From Richard, a sommelier from Vegas who promises me wine, women and song if I answer this one for him. (Exactly what song are we talking about?) Given my careful explanation of the merits of the deliberate fumble and how the league treats it, how come when Indy played the Patriots in the title game, two TDs came on recovered fumbles in the end zone? OK, now listen up everybody. Andrew says many others were similarly puzzled by my desperate attempts at clarity. Neither TD off a fumble came on fourth down or in the last two minutes, so it's signals off on those two restrictions. So the fumbles for the TD were OK. The old "holy roller" rule didn't apply.
From Kendal of Rockville, Md. -- "Will a long snapper ever get into the Hall of Fame?" No. But short snappers will, guys like Mike Webster, Dwight Stephenson and Chuck Bednarik.

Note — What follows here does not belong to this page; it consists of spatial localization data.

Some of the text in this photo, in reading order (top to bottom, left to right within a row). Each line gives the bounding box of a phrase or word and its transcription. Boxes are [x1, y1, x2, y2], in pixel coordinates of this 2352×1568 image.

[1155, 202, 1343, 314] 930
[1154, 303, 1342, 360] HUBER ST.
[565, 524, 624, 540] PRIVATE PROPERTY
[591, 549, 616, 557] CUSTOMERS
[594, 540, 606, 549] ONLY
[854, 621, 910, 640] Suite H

I wasn't in love with that question, but my least favorite of the litter comes from Ian of Mississauga, Ontario: "Do you not think that Bob Kuechenberg is long overdue to be selected to Canton?" If this is a bug, then it has worked perfectly, because it got me punching walls. I have devoted a big part of my life to trying to get him past the opposition. I have written about it frequently.

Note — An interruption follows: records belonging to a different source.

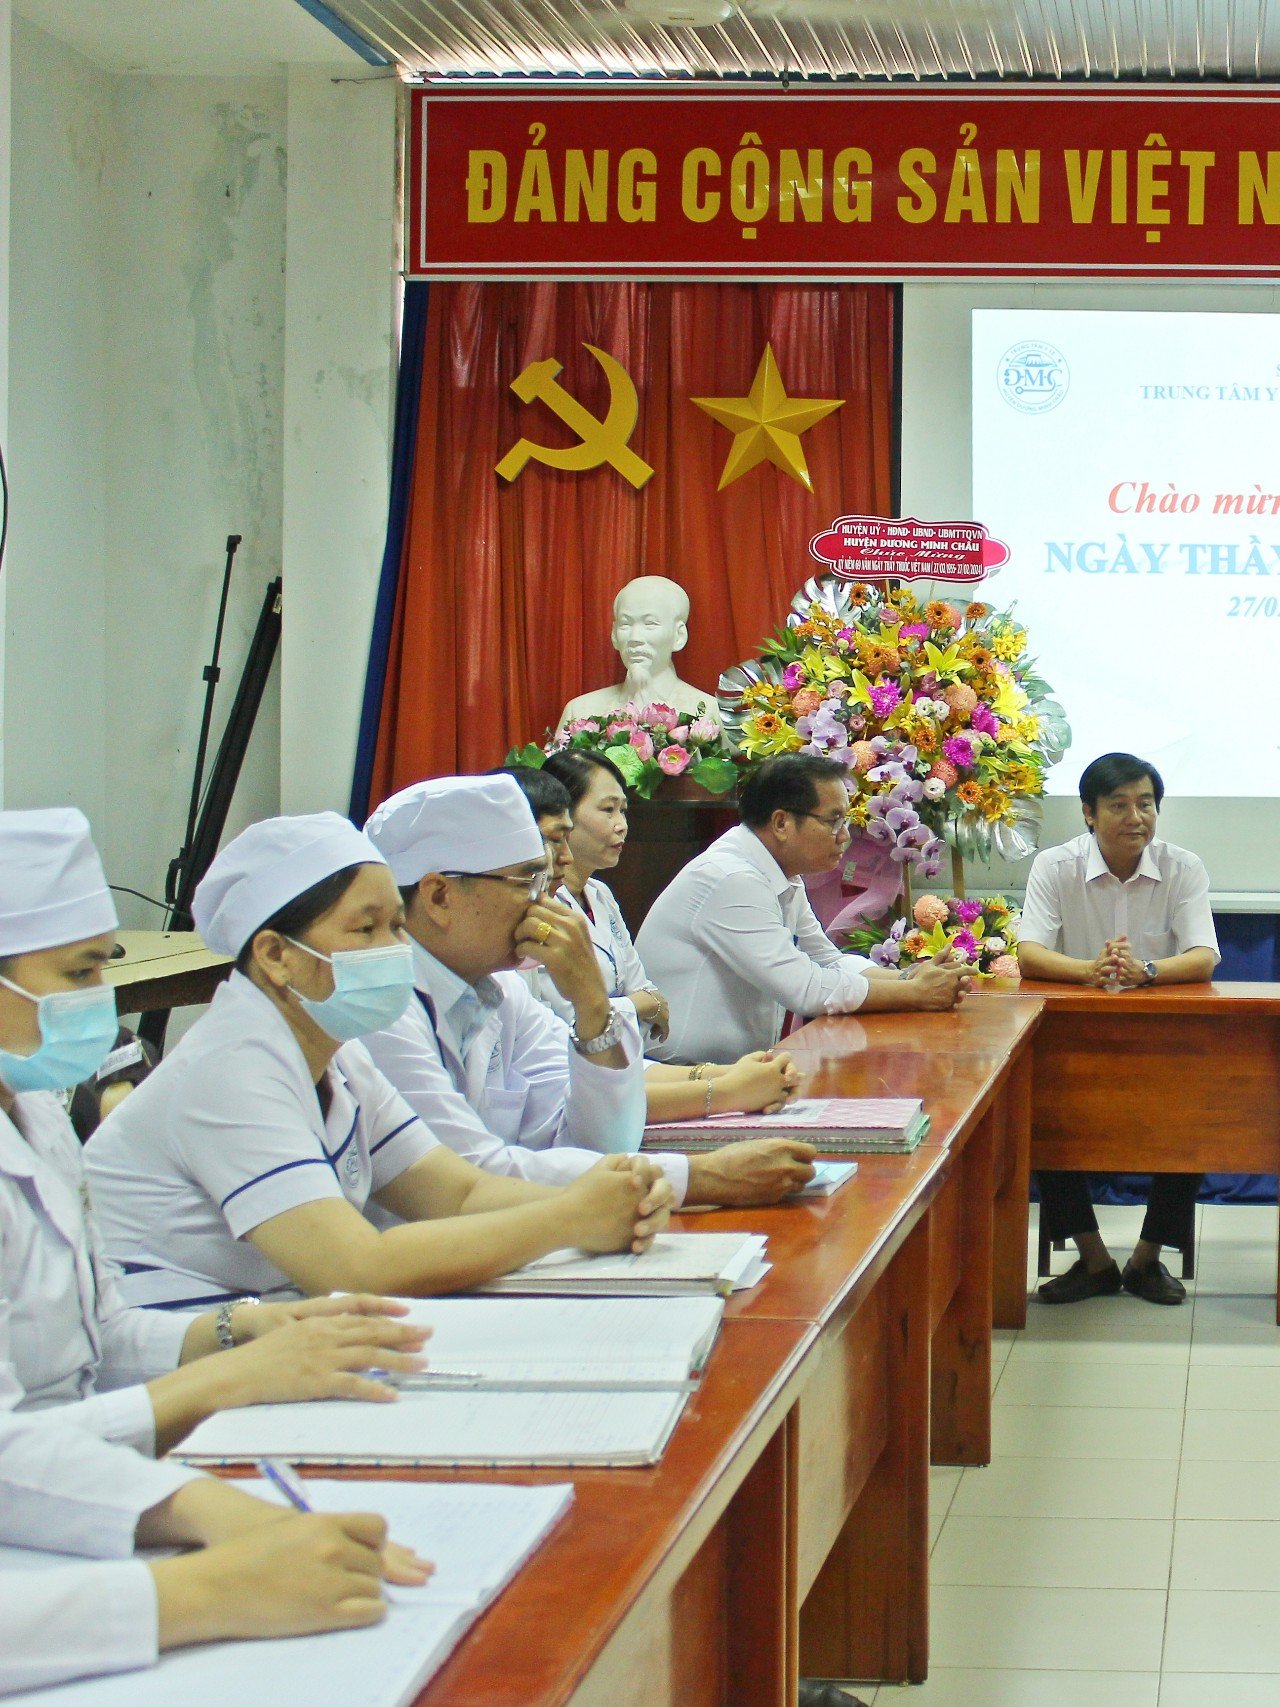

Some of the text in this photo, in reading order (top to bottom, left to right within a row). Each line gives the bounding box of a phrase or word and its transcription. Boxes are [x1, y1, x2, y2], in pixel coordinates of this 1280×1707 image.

[465, 122, 657, 223] ĐẢNG
[682, 132, 872, 239] CỘNG
[897, 122, 1041, 225] SẢN
[1064, 133, 1215, 243] VIỆT
[1140, 385, 1210, 401] TRUNG
[1215, 382, 1260, 401] TÂM
[1265, 387, 1278, 401] Y
[1108, 481, 1200, 514] Chào
[842, 523, 868, 537] HUYỆN
[938, 529, 982, 541] UBMTTQVN
[844, 537, 980, 552] HUYỆN DƯƠNG MINH CHÂU
[1044, 533, 1171, 574] NGÀY

A tie for E-mailer of the Week. Both correspondents are sending me back through the mists of time. Joe Schwindt of San Diego wants to know the real story about seven of us going through 19 bottles of wine (not 17, as you said) at the house of Tom Keating, the tackle for the old Raiders in the AFL. Tom Edell of Rockford, Ill., asks about what it was like to cover the AFL in some of the old stadiums.
Keating, an all-pro DT, was my wine buddy. Very serious, especially about port. He'd bid on it at the Sotheby auctions in London. One year he just decided to have a wine blowout at his house in Alameda. In attendance were Keating and his wife, except that maybe they weren't married then, Raider DE Ben Davidson and his wife, Fred Biletnikoff, former Redskin tackle George Burman and me. It lasted about six hours. Everybody brought some wine. I think I brought some old port, but I'm not sure. Two meals took place. Nothing was broken, there were no fights. Nobody drove home. We all just collapsed in various parts of the house. I got the couch. Next day I felt a little fuzzy but manageable. That's all there is to it. People have turned it into a kind of legend, but at the time I didn't think it was that remarkable.
I loved the old AFL stadiums. In War Memorial in Buffalo, you had to climb onto what seemed like a little platform to get into the lockers. I remember before a Jets game, Jack Horrigan, the Bills PR director, was giving us a little tour of the old stadium, which had just gotten a new paint job. He turned to the great Hearst columnist, Jimmy Cannon, a very hard bitten customer of the old school, and asked him, "What do you think, Jimmy?"
"Rouge on a corpse," Cannon said.
My favorite was Municipal in Kansas City. The press box was small and cramped. It was pure hell, trying to get into your seat. Low-lying padded pipes were above you, and you were always banging your head on them. But once you got settled, oh my, what a view. It's like you were right over the huddle. Never have I been able to see a game as well as I did in that place. My stories were more accurate because I could see more. It made it all worth it.